The question is whether political systems can absorb the shock.
The Nightmare Scenario
And then there's the scenario that animates the loudest voices in today's AGI debates: a system that escapes human direction entirely.
Brands approaches this existential risk with skepticism. Runaway superintelligence may make for gripping speculation, yet he remains unconvinced that such an outcome is likely in the near term. Still, he includes it in his taxonomy because the stakes are too high to ignore outright.
Even a small probability of losing control over a system with global reach warrants careful governance.
The Counterargument
If these six forms of instability paint a foreboding picture, Brands' broader argument provides balance.
In Don't Sweat the AGI Race, he contends that "AGI will unfold in a world in which competitive dynamics still exist--where nations compete, often fiercely, for prosperity and advantage." Paradoxically, he believes these competitive pressures will help maintain stability rather than destroy it.
Nations have strong incentives to keep their most powerful tools under control. They also have bureaucracies, oversight institutions, and historical memories that push against reckless experimentation.
He also argues that the march toward AGI is slower and less linear than popular discourse suggests. That means there will be opportunities--perhaps many--to build guardrails, negotiate norms, and learn from smaller failures before the technology reaches its most consequential levels of capability.
This isn't naivete. It's strategic realism from someone who has spent his career inside the institutions that would have to manage an AGI transition.
The Stakes
Brands' central thesis is ultimately a call for measured vigilance rather than panic.

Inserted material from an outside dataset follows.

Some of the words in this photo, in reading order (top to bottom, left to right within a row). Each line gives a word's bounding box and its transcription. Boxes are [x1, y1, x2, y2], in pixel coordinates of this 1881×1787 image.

"How to maintain adequate stability through that transition is among the defining issues of our time."
The six forms of instability he outlines are not predictions; they are tools for thinking. They remind us that AGI will not arrive in a vacuum. It will land in a world shaped by mistrust, competition, inequality, and ambition. The challenge is to absorb its impacts without letting its risks metastasize.

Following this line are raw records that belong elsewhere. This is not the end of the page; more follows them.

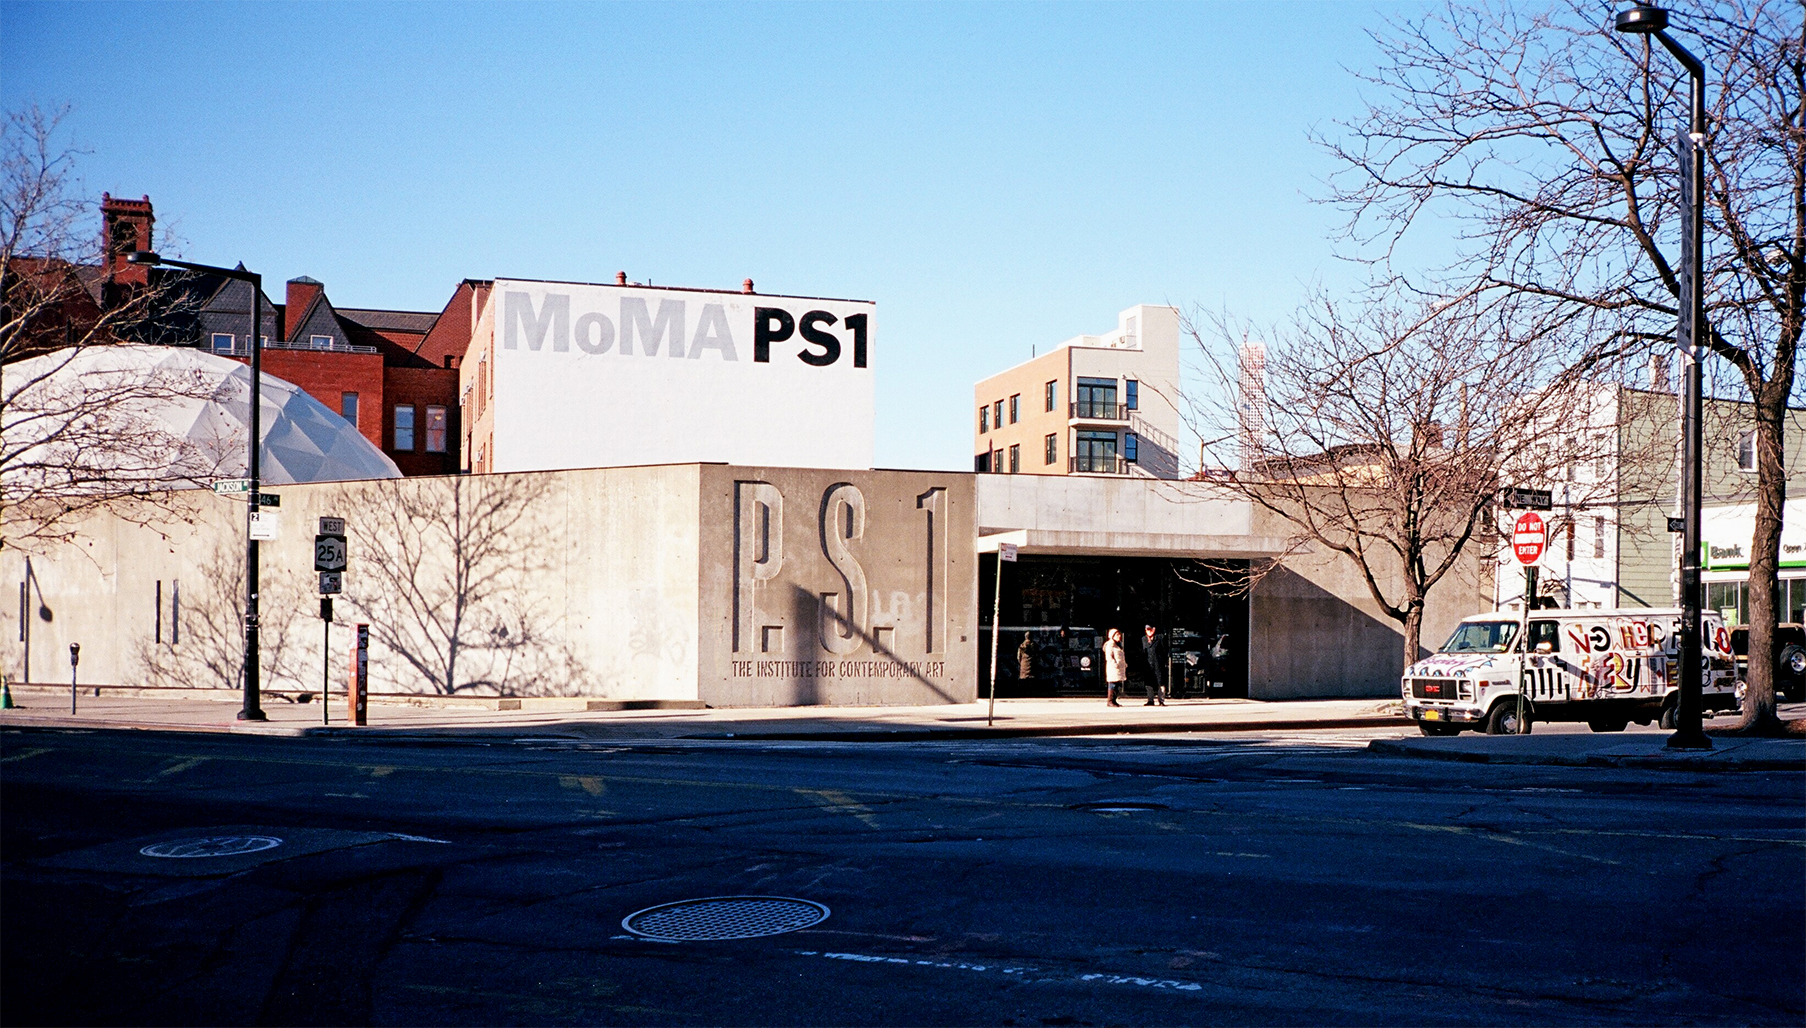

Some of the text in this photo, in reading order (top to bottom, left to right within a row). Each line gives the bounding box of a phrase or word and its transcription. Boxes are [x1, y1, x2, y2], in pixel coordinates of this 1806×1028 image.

[504, 291, 868, 369] MoMA PS1
[216, 481, 242, 493] JACKSON
[253, 513, 258, 521] 2
[323, 520, 341, 532] WEST
[1517, 522, 1541, 531] DO NOT
[317, 545, 343, 562] 25A
[1518, 546, 1538, 555] ENTER
[1710, 544, 1743, 559] Bank
[1783, 543, 1802, 554] Open
[732, 660, 945, 678] THE INSTITUTE FOR CONTEMPORARY ART

The future will not take care of itself. Stability is a choice, one that must be made and remade as the technology evolves. The world has navigated nuclear weapons, biotechnology, and countless other disruptive forces. AGI may be the most formidable yet, but it is not beyond the reach of human governance--provided that governance begins now, informed by frameworks like the one Brands has constructed.
For readers in the technology world--especially those accustomed to the volatility of crypto markets or the exuberance of venture-backed speculation--Brands' framework offers a different kind of narrative. It is not about disruptions that happen overnight but about tension that accumulates over time. It is also a reminder that the future of AGI will be shaped not only by engineers but by diplomats, bureaucrats, and national security planners who think in decades, not product cycles.
That may be the most important insight of all.